Background: The combination of CTLA-4 and PD-L1 inhibitors has a manageable adverse effect profile, although rare immune-related adverse events (irAE) can occur.
Case presentation: We describe an autoimmune polymyositis following a partial response to combination tremelimumab and durvalumab for the treatment of recurrent lung adenocarcinoma. Radiography revealed significant reduction in all metastases; however, the patient developed progressive neuromuscular hypoventilation due to lymphocytic destruction of the diaphragmatic musculature. Serologic testing revealed a low level of de novo circulating antibodies against striated muscle fiber. Immunohistochemistry revealed type II muscle fiber atrophy with a mixed CD8+ and CD4+ lymphocyte infiltrate, indicative of inflammatory myopathy.

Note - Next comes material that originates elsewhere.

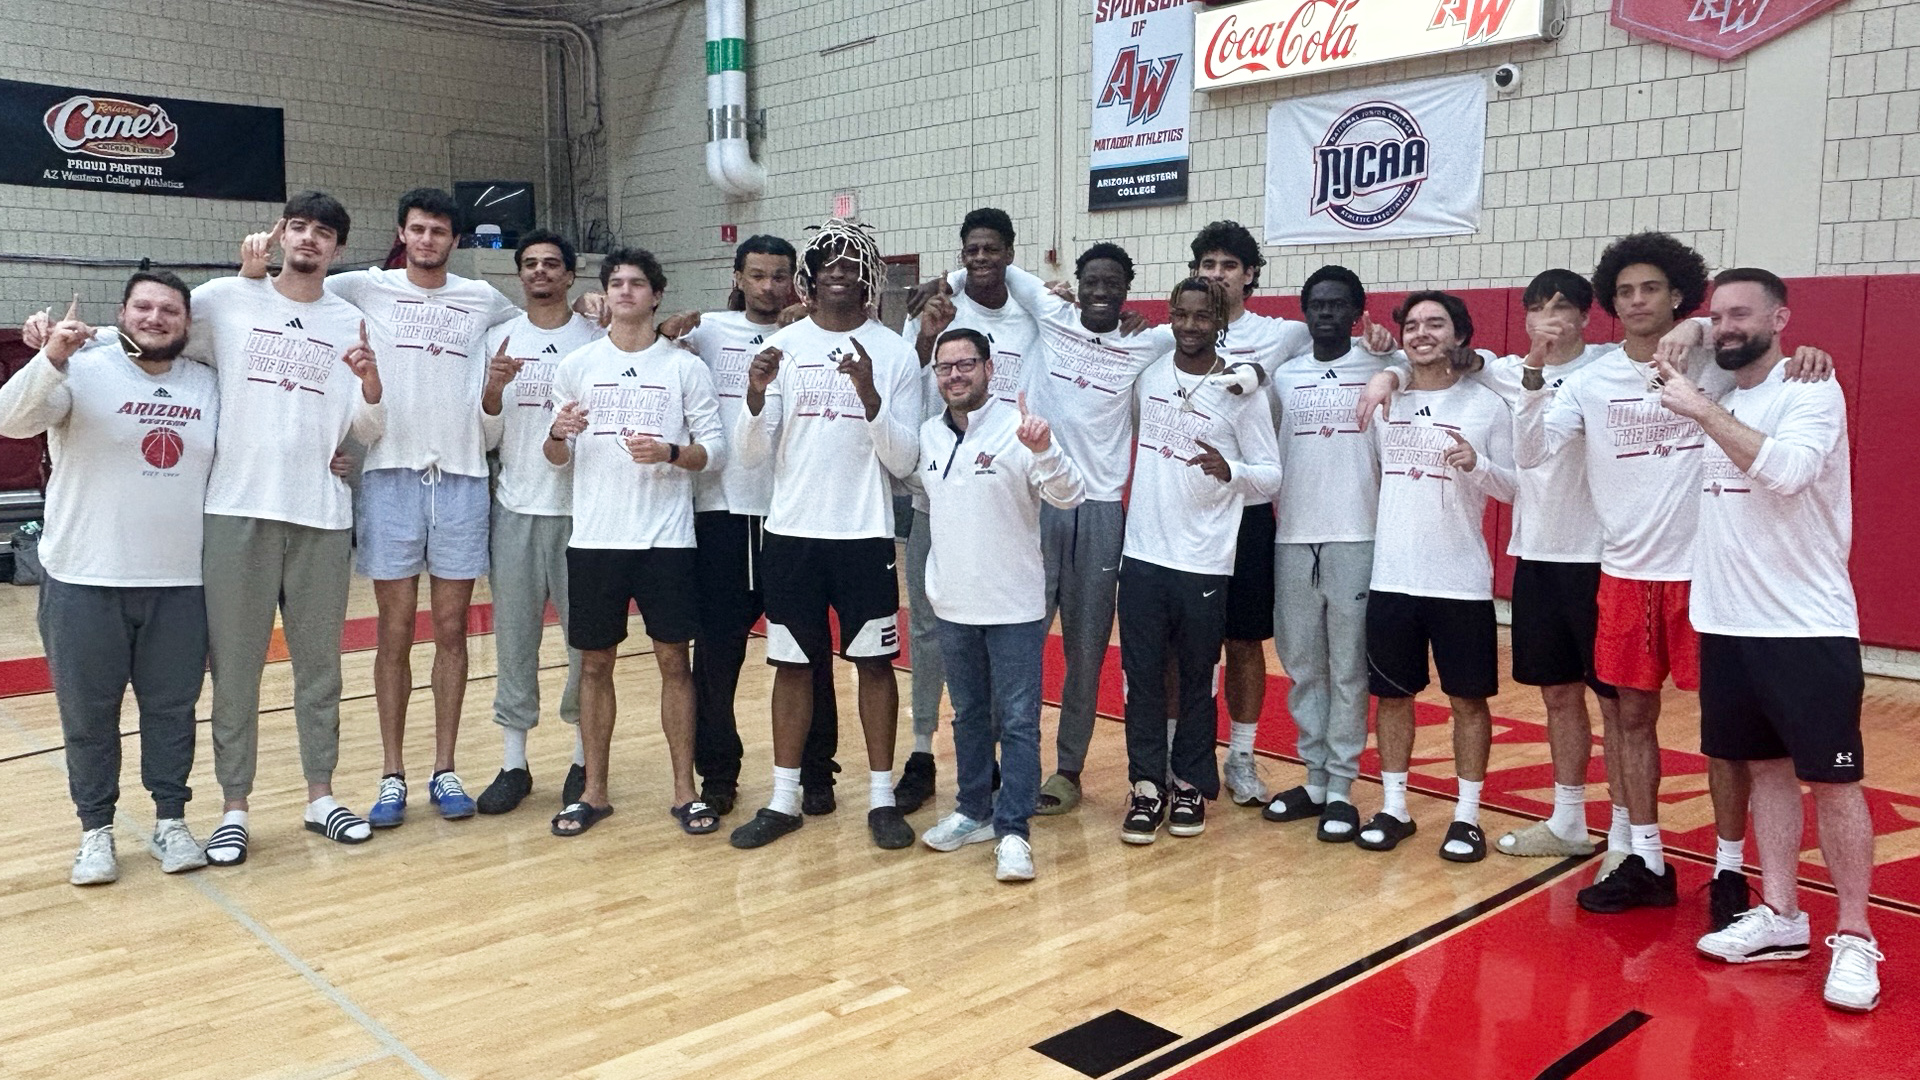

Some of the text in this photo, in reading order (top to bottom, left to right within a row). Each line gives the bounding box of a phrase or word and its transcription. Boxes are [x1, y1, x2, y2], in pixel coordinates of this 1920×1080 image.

Conclusions: This case supports the hypothesis that muscle tissue is a target for lymphocytic infiltration in immune checkpoint inhibitor-associated polymyositis. Further insights into the autoimmune mechanism of PM will hopefully contribute to the prevention and treatment of this phenomenon.
Keywords: Cytotoxic T-lymphocyte-associated-protein 4; Immune checkpoint inhibitor; Immune-related adverse event; MEDI4736; Myasthenia gravis; Non-small cell lung cancer; Programmed death protein 1; Programmed death-ligand 1; Striated muscle antibody.